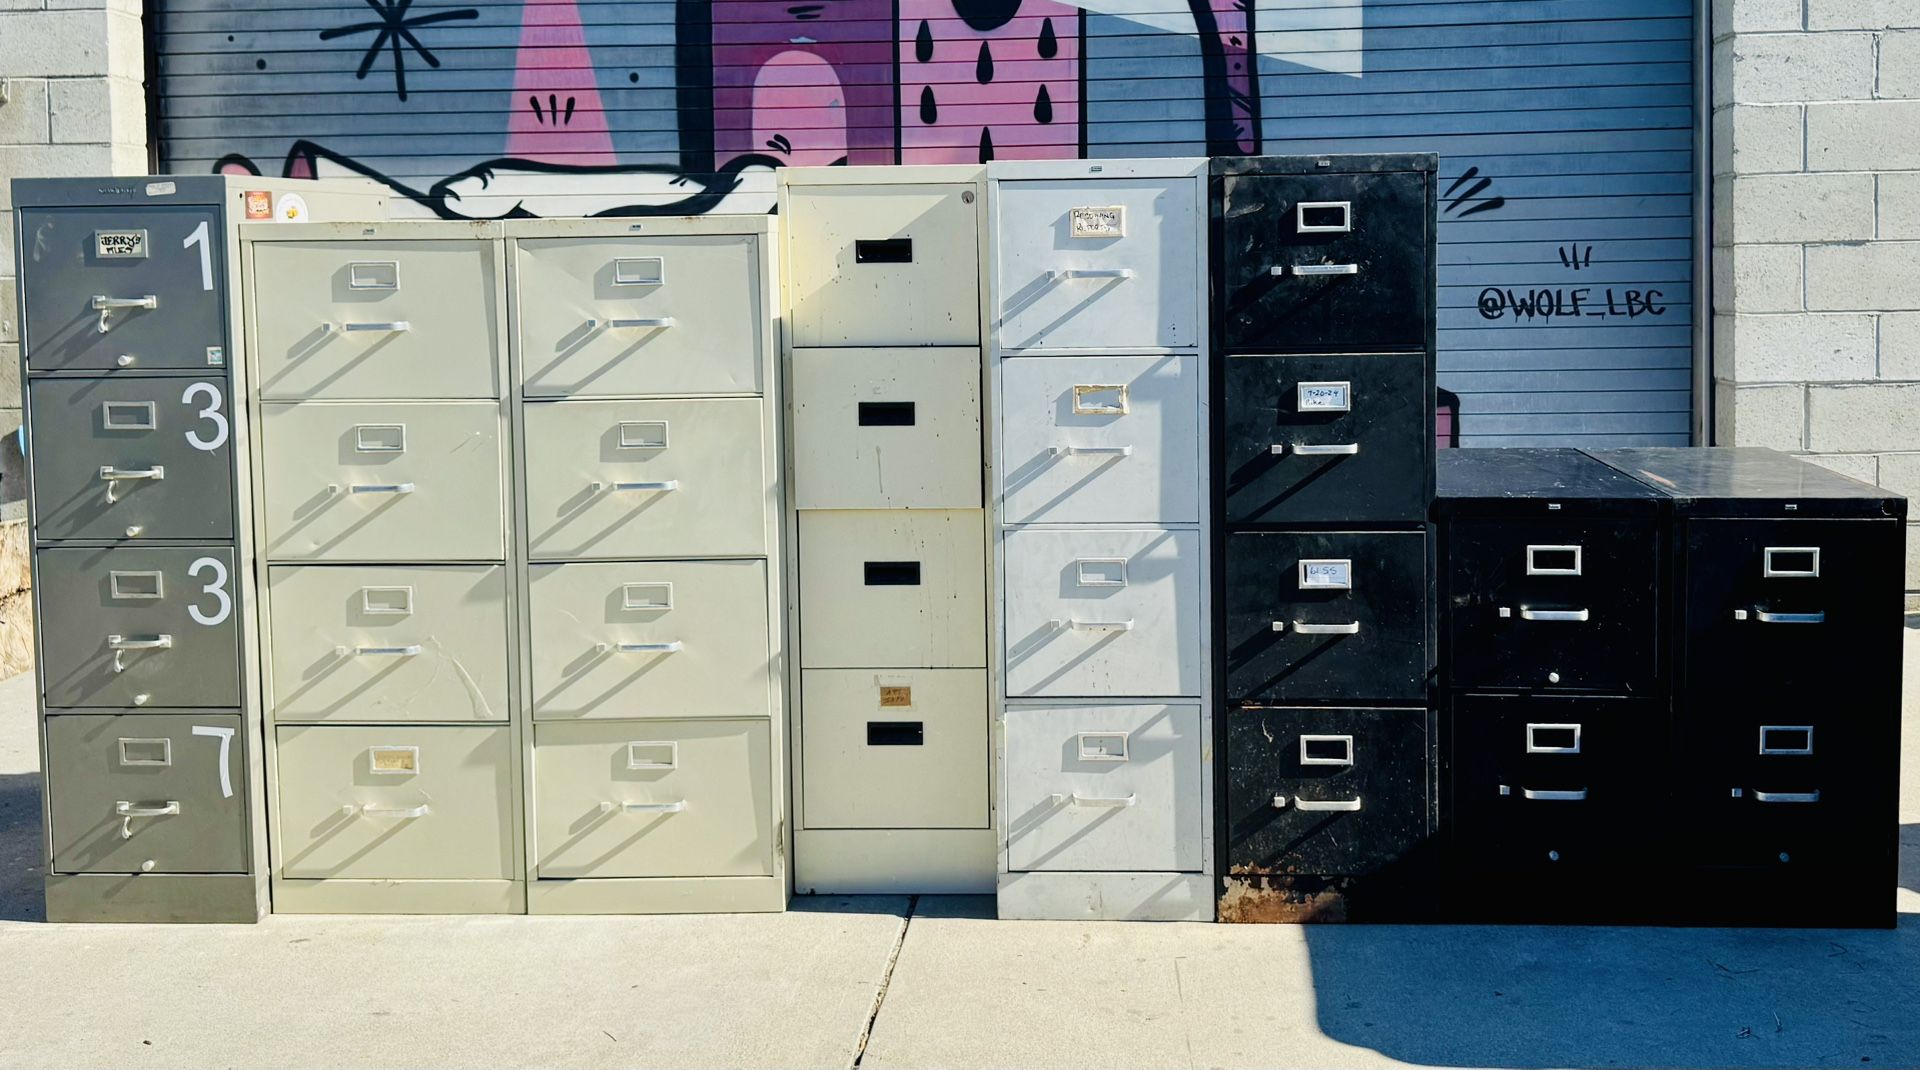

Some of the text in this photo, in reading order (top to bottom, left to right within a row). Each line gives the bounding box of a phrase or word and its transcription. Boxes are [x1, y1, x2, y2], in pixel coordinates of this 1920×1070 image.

[183, 221, 213, 290] 1
[1478, 287, 1666, 324] @WOLF_LBC
[182, 382, 229, 451] 3
[187, 557, 231, 626] 3
[192, 725, 235, 799] 7

:::

Exclude the pictures and repeat the entries word for word.

- [Reply to the task]:
Some of the text in this photo, in reading order (top to bottom, left to right within a row). Each line gives the bounding box of a phrase or word and its transcription. Boxes are [x1, y1, x2, y2], in pixel coordinates of this 1920×1070 image.

[183, 221, 213, 290] 1
[1478, 287, 1666, 324] @WOLF_LBC
[182, 382, 229, 451] 3
[187, 557, 231, 626] 3
[192, 725, 235, 799] 7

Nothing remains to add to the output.